- Opening Delimiter -
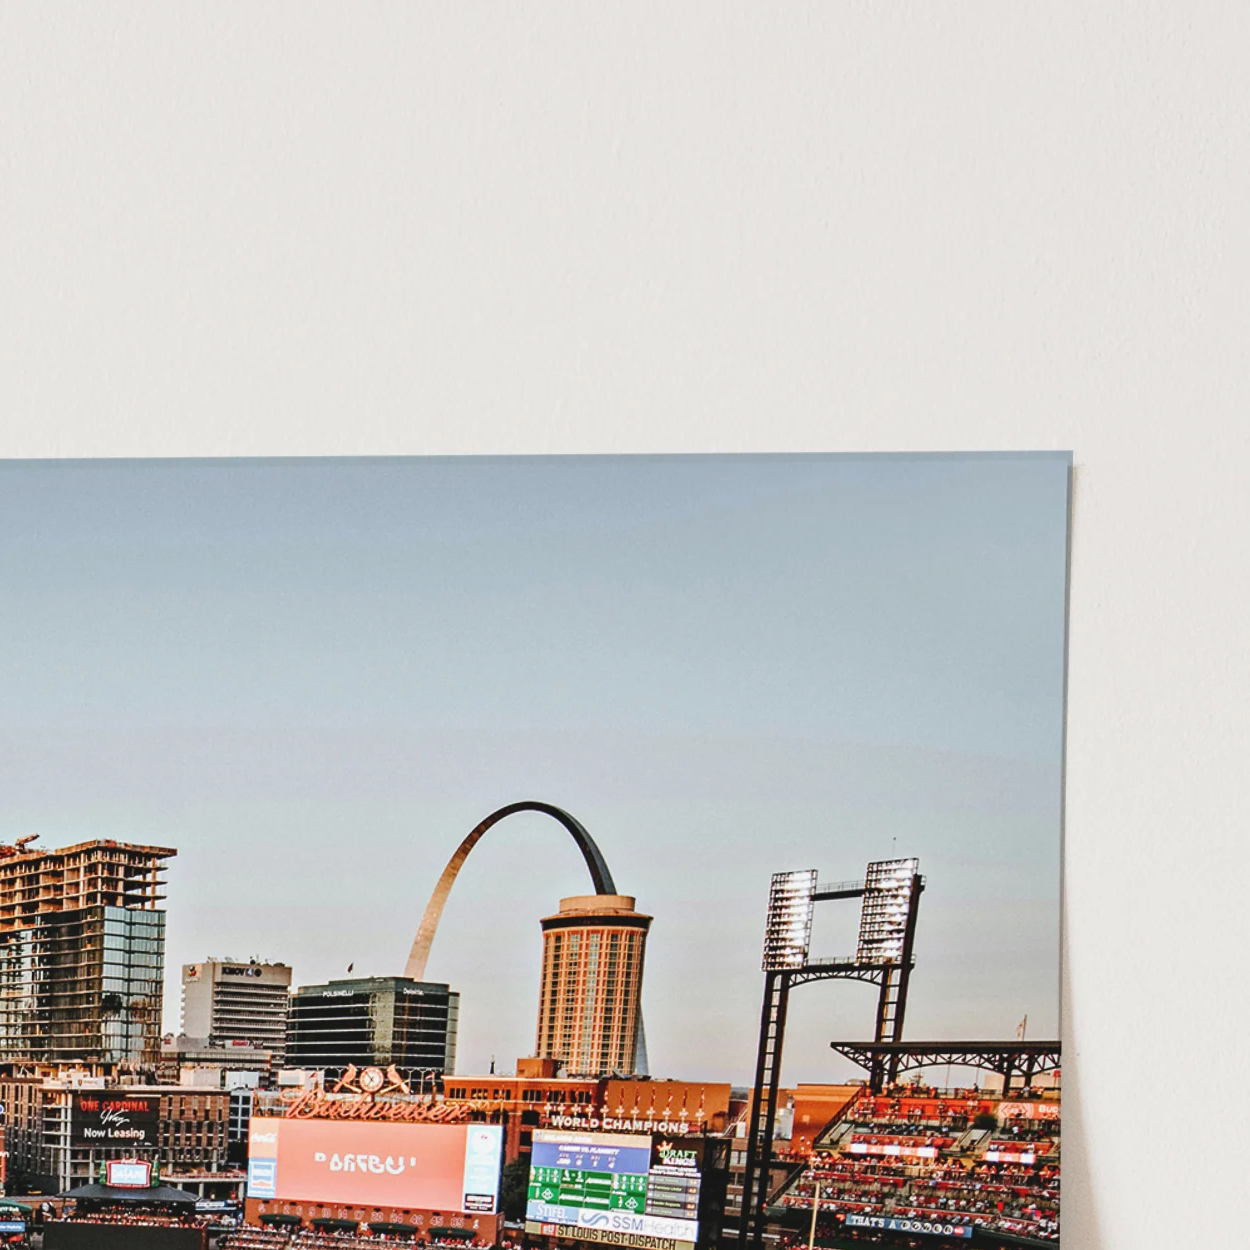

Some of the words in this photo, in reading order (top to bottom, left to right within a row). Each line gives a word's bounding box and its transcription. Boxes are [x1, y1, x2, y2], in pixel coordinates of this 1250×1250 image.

[81, 1100, 100, 1111] ONE
[102, 1101, 149, 1111] CARDINAL
[280, 1087, 470, 1121] Budweiser
[551, 1115, 599, 1128] WORLD
[602, 1117, 689, 1133] CHAMPIONS
[84, 1128, 106, 1138] Now
[108, 1128, 145, 1140] Leasing
[572, 1226, 598, 1240] LOUIS
[601, 1230, 676, 1250] POST-DISPATCH
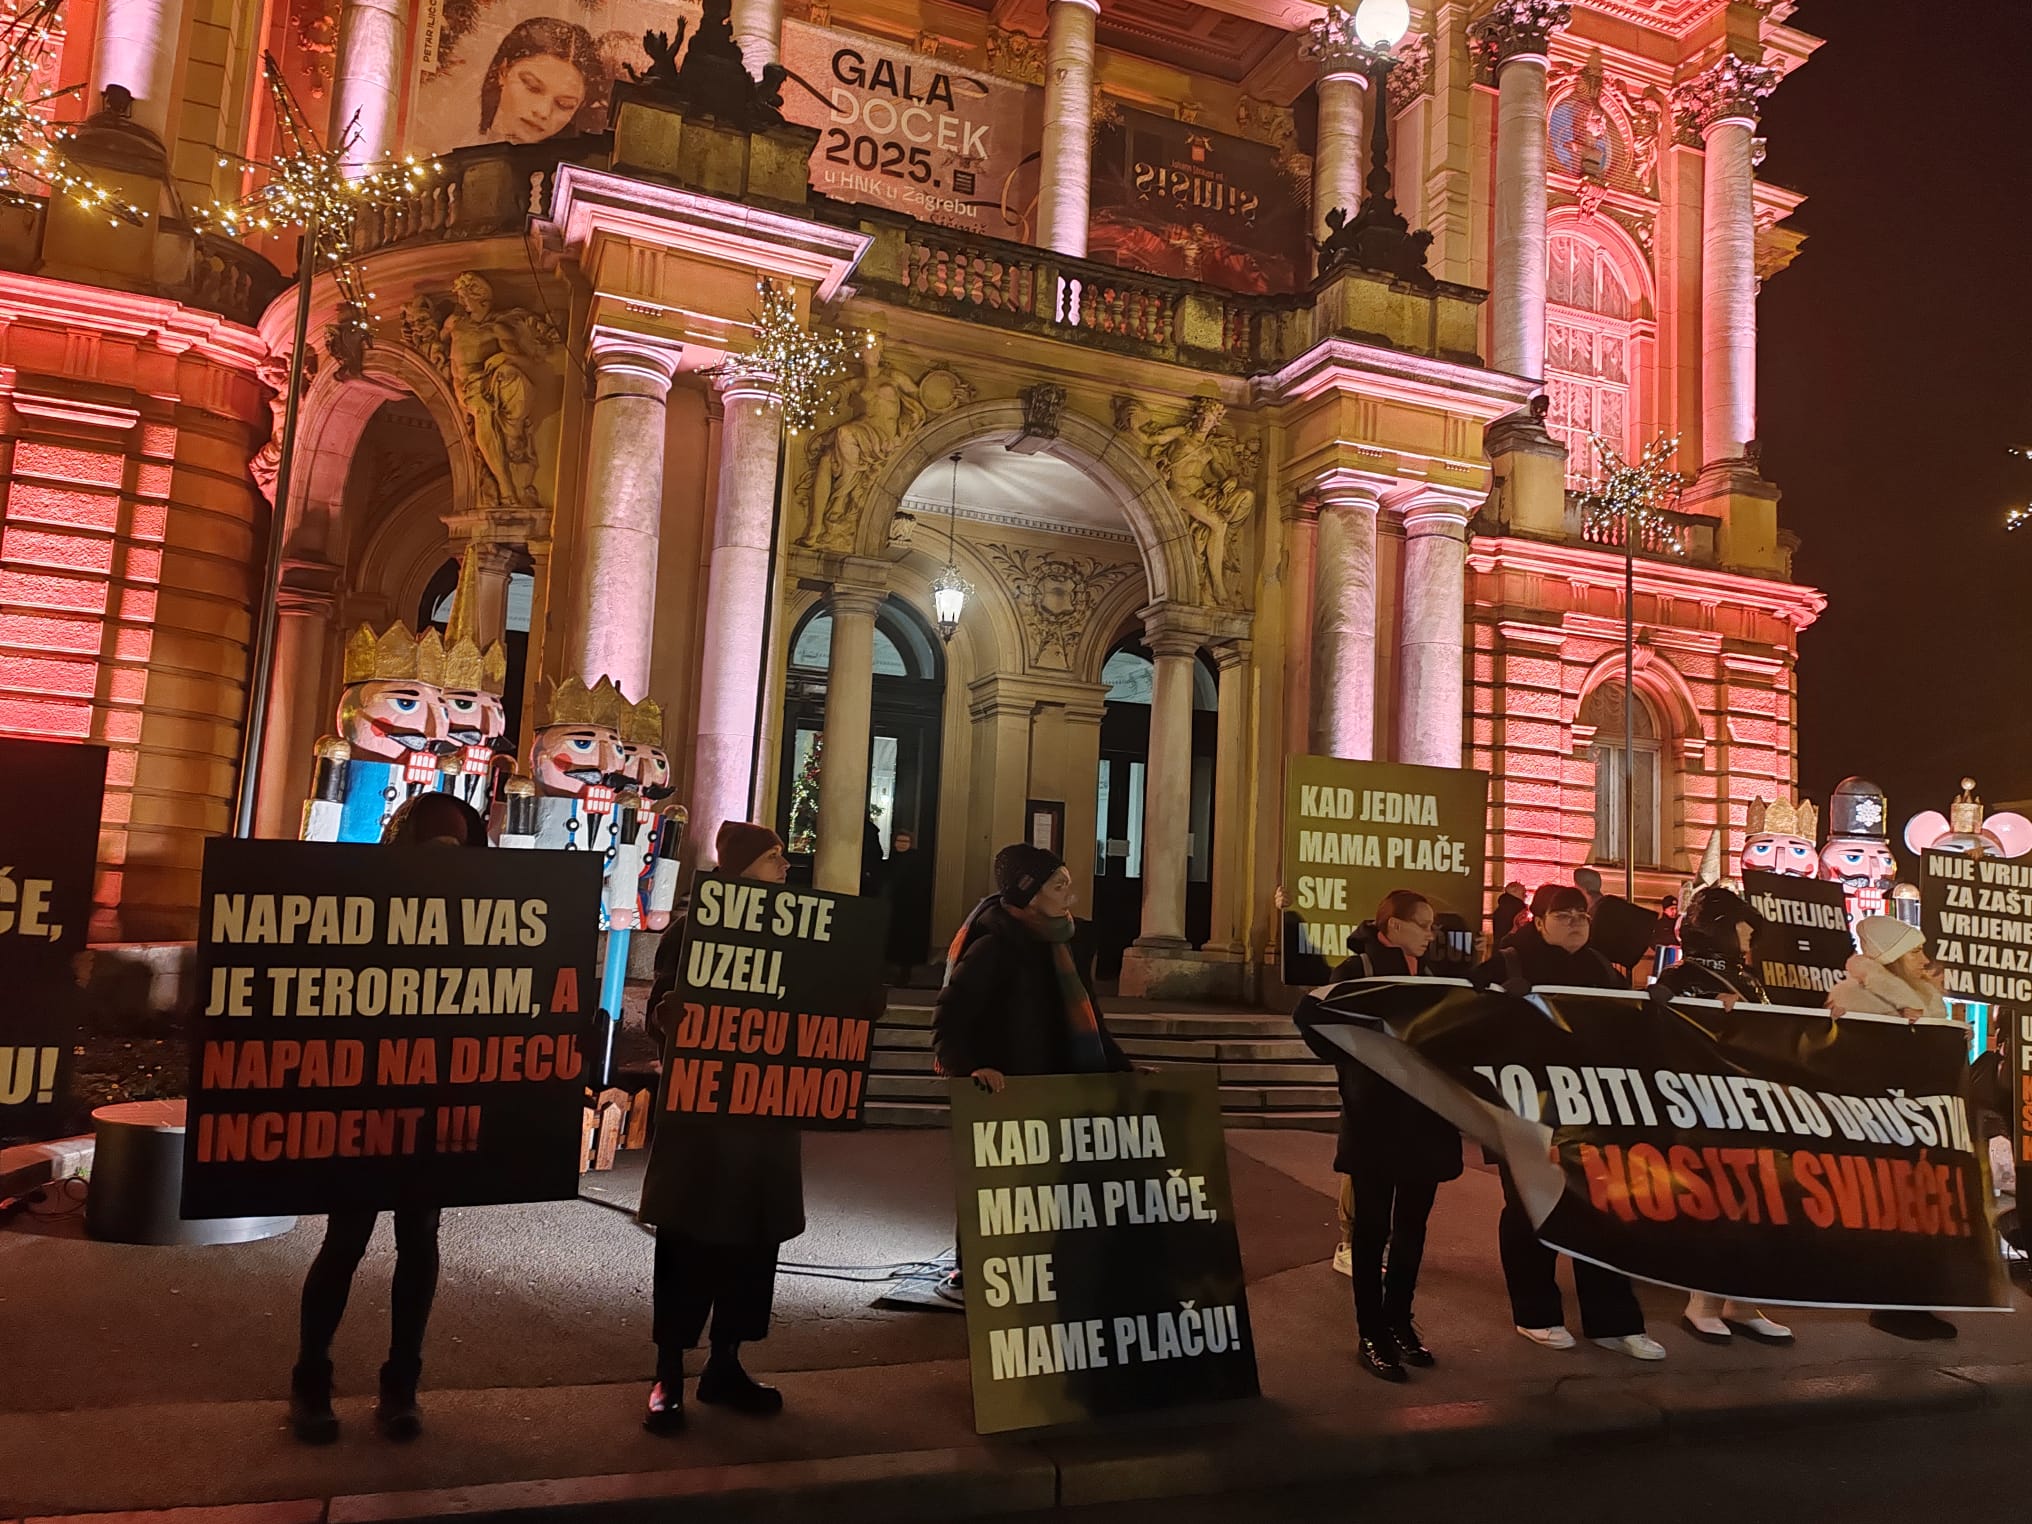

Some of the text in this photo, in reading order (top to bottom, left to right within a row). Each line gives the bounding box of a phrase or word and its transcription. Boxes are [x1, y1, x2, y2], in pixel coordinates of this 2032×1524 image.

[423, 29, 433, 63] PETAR
[832, 49, 954, 111] GALA
[830, 87, 990, 160] DOČEK
[826, 127, 941, 188] 2025.
[824, 170, 835, 184] u
[841, 171, 882, 197] HNK
[887, 186, 898, 200] u
[902, 185, 978, 218] Zagrebu
[1300, 785, 1439, 827] KAD JEDNA
[1299, 830, 1471, 876] MAMA PLAČE,
[1929, 855, 1975, 881] NIJE
[211, 893, 548, 947] NAPAD NA VAS
[697, 879, 835, 942] SVE STE
[1298, 875, 1347, 911] SVE
[1946, 885, 1975, 909] ZA
[1936, 939, 1965, 962] ZA
[1940, 911, 2032, 945] VRIJEME
[205, 967, 579, 1019] JE TERORIZAM, A
[687, 940, 787, 1000] UZELI,
[1943, 968, 1976, 993] NA
[676, 1003, 870, 1062] DJECU VAM
[202, 1034, 582, 1090] NAPAD NA DJECU
[666, 1057, 862, 1120] NE DAMO!
[1546, 1065, 1658, 1127] BITI
[1654, 1070, 1834, 1140] SVJETLO
[197, 1105, 482, 1162] INCIDENT !!!
[972, 1115, 1167, 1168] KAD JEDNA
[977, 1168, 1217, 1236] MAMA PLAČE,
[1581, 1142, 1789, 1226] NOSITI
[983, 1253, 1057, 1308] SVE
[989, 1300, 1241, 1381] MAME PLAČU!
- Closing Delimiter -
**What needs to be done:**
Write every entry again exactly as given, skipping the pictures.

**Result of the exercise:**
Some of the words in this photo, in reading order (top to bottom, left to right within a row). Each line gives a word's bounding box and its transcription. Boxes are [x1, y1, x2, y2], in pixel coordinates of this 1250×1250 image.

[81, 1100, 100, 1111] ONE
[102, 1101, 149, 1111] CARDINAL
[280, 1087, 470, 1121] Budweiser
[551, 1115, 599, 1128] WORLD
[602, 1117, 689, 1133] CHAMPIONS
[84, 1128, 106, 1138] Now
[108, 1128, 145, 1140] Leasing
[572, 1226, 598, 1240] LOUIS
[601, 1230, 676, 1250] POST-DISPATCH

Some of the text in this photo, in reading order (top to bottom, left to right within a row). Each line gives the bounding box of a phrase or word and its transcription. Boxes are [x1, y1, x2, y2], in pixel coordinates of this 2032×1524 image.

[423, 29, 433, 63] PETAR
[832, 49, 954, 111] GALA
[830, 87, 990, 160] DOČEK
[826, 127, 941, 188] 2025.
[824, 170, 835, 184] u
[841, 171, 882, 197] HNK
[887, 186, 898, 200] u
[902, 185, 978, 218] Zagrebu
[1300, 785, 1439, 827] KAD JEDNA
[1299, 830, 1471, 876] MAMA PLAČE,
[1929, 855, 1975, 881] NIJE
[211, 893, 548, 947] NAPAD NA VAS
[697, 879, 835, 942] SVE STE
[1298, 875, 1347, 911] SVE
[1946, 885, 1975, 909] ZA
[1936, 939, 1965, 962] ZA
[1940, 911, 2032, 945] VRIJEME
[205, 967, 579, 1019] JE TERORIZAM, A
[687, 940, 787, 1000] UZELI,
[1943, 968, 1976, 993] NA
[676, 1003, 870, 1062] DJECU VAM
[202, 1034, 582, 1090] NAPAD NA DJECU
[666, 1057, 862, 1120] NE DAMO!
[1546, 1065, 1658, 1127] BITI
[1654, 1070, 1834, 1140] SVJETLO
[197, 1105, 482, 1162] INCIDENT !!!
[972, 1115, 1167, 1168] KAD JEDNA
[977, 1168, 1217, 1236] MAMA PLAČE,
[1581, 1142, 1789, 1226] NOSITI
[983, 1253, 1057, 1308] SVE
[989, 1300, 1241, 1381] MAME PLAČU!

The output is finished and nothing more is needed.